Le Livros dos Camaleoes (1) rassemble de courts récits publiés antérieurement dans différentes revues. Ils mettent en scène des personnages divers (un dictateur, un marin, un anthropologue, un romancier dépassé par ses personnages, une jeune fille amoureuse d’un jeune prêtre, un Portugais devant des Boers travaillant à la construction du chemin de fer reliant Benguela à la Rhodésie, un homme fantasmant l’image de sa propre mère, un autre embarrassé par son passé, une actrice qui se débat avec les rôles qu’elle a incarnés, etc). Dans une récente interview, l’auteur, Agualusa, affirmait : « Pour moi, l’écriture est de l’ordre de la réflexion et c’est aussi le lieu du débat » (2). C’est dire que le sous-bassement philosophique et les questions touchant l’esthétique et l’écriture de la fiction sont les vraies motivations de ces contes. Agualusa n’écrit pas pour un public avide d’histoires divertissantes mais pour susciter doutes et interrogations chez ses lecteurs.

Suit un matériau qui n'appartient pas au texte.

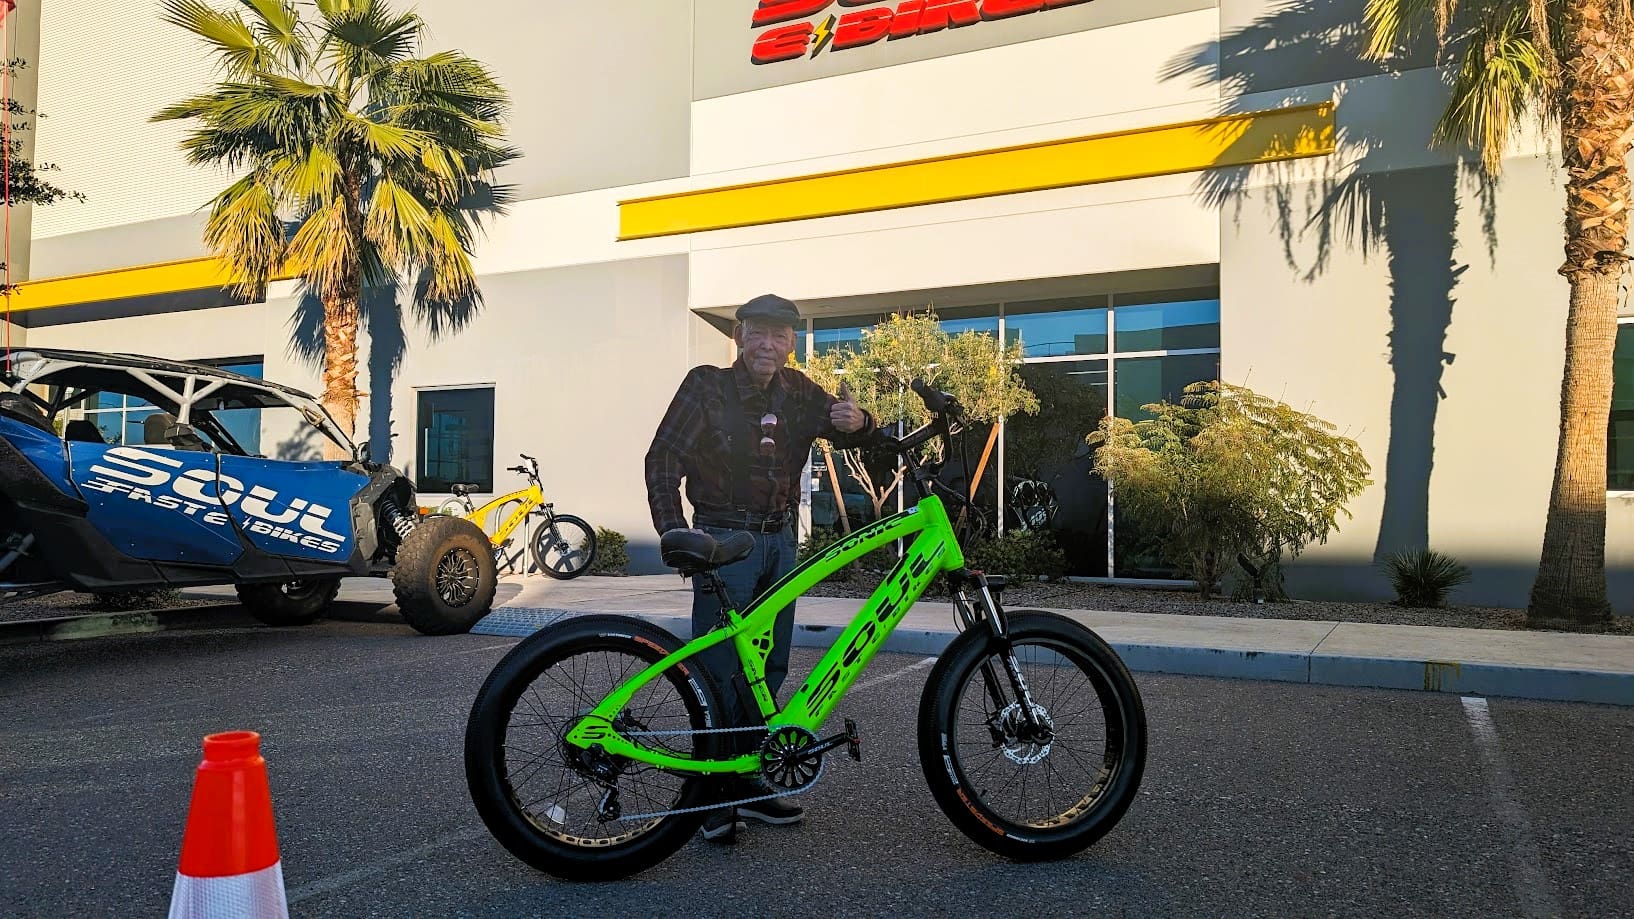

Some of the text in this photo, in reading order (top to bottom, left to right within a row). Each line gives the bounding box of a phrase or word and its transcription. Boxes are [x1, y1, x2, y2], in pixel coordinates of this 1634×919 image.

[81, 477, 208, 522] FAST
[250, 519, 341, 554] BIKES
[90, 447, 346, 542] SOUL
[824, 515, 903, 562] SONIC
[806, 540, 945, 718] SOUL
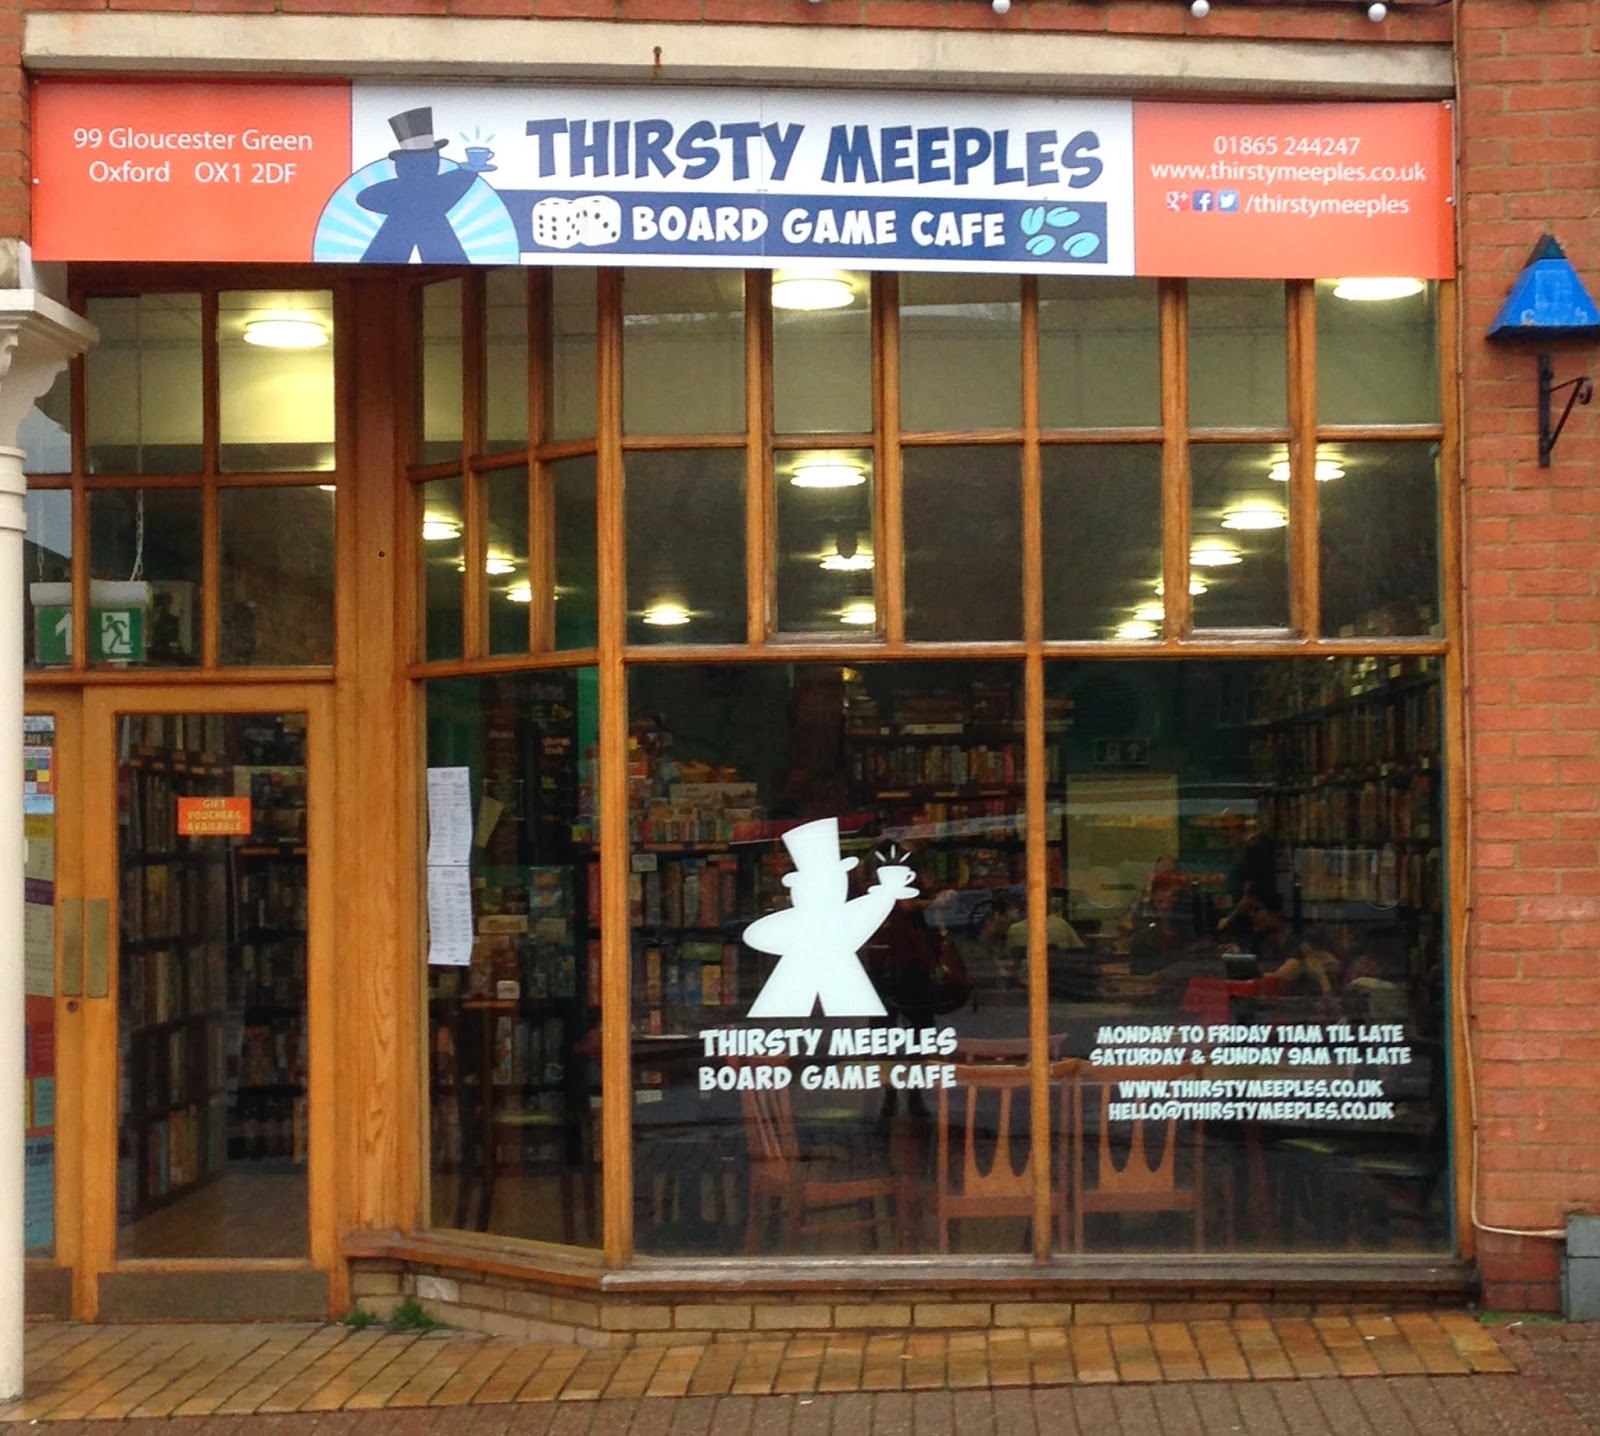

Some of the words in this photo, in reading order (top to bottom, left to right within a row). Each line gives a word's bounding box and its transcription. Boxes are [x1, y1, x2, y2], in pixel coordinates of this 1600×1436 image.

[73, 128, 103, 149] 99
[108, 128, 236, 151] Gloucester
[241, 129, 313, 151] Green
[1213, 135, 1278, 155] 01865
[1284, 136, 1361, 156] 244247
[525, 117, 805, 181] THIRSTY
[820, 124, 1104, 188] MEEPLES
[88, 161, 171, 183] Oxford
[194, 162, 242, 184] OX1
[250, 163, 297, 185] 2DF
[1150, 160, 1427, 185] www.thirstymeeples.co.uk
[1245, 194, 1410, 218] /thirstymeeples
[632, 205, 768, 242] BOARD
[782, 209, 897, 245] GAME
[911, 212, 1005, 248] CAFE
[203, 799, 226, 808] GIFT
[187, 822, 242, 832] AVAILABLE
[700, 1028, 823, 1057] THIRSTY
[828, 1027, 958, 1056] MEEPLES
[1096, 1025, 1175, 1044] MONDAY
[1178, 1026, 1203, 1043] TO
[1207, 1025, 1270, 1044] FRIDAY
[1276, 1025, 1322, 1043] 11AM
[1326, 1025, 1355, 1043] TIL
[1358, 1025, 1404, 1043] LATE
[1089, 1047, 1186, 1066] SATURDAY
[1190, 1049, 1205, 1064] &
[1209, 1047, 1283, 1065] SUNDAY
[1288, 1047, 1330, 1065] 9AM
[1334, 1047, 1362, 1065] TIL
[1366, 1047, 1412, 1065] LATE
[699, 1065, 792, 1091] BOARD
[801, 1065, 881, 1090] GAME
[890, 1065, 957, 1090] CAFE
[1118, 1079, 1384, 1099] WWW.THIRSTYMEEPLES.CO.UK
[1107, 1101, 1395, 1121] HELLO@THIRSTYMEEPLES.CO.UK

Peu ou prou, tous les contes proposés ici ont un point commun : les personnages sont des caméléons, leur être est constitué d’un va-et-vient incessant entre plusieurs identités. Nous sélectionnerons trois histoires qui nous semblent éclairer cette thèse.

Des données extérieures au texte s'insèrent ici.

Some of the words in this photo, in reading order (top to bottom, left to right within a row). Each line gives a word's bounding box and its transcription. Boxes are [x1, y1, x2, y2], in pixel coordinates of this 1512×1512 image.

A sombra da mangueira (A l’ombre du manguier)
L’actrice qui intervient dans A sombra da mangueira (A l’ombre du manguier) déclare : « Je suis actrice. Je raconte ce que font les autres ». Et elle explique à son interlocuteur qu’elle a voulu donner vie à d’autres individus parce qu’elle craignait que « les gens n’apprécient pas la personne qu’ « elle » était réellement » (p 15). Mais elle réalise d’une part qu’endosser diverses personnalités ne présente pas de difficulté majeure – « il est plus facile d’être plusieurs personnes qu’une seule » (ibid). D’autre part, ces performances ont été concluantes puisque les spectateurs « ont cru qu'(elle) était chacun de ces personnages ». L’expérience de la comédie pose un problème identitaire chez l’actrice, laquelle cherche à percer le mystère de son propre moi en conversant avec son public (p 16). Dans quel rôle est-elle le plus elle-même ? A-t-elle vraiment vécu tous les épisodes où elle intervient sur la scène ou à l’écran ? En fin de compte, cette multiplication apparemment sans limite des possibilités de vie s’apparente à autant de moments rêvés. Et quand son interlocuteur les assimile à autant de morts dans la durée, l’actrice s’affole, sa respiration devient haletante. Elle paraît être sur le point de passer de vie à trépas mais «  il était impossible de dire si elle faisait semblant » (ibid).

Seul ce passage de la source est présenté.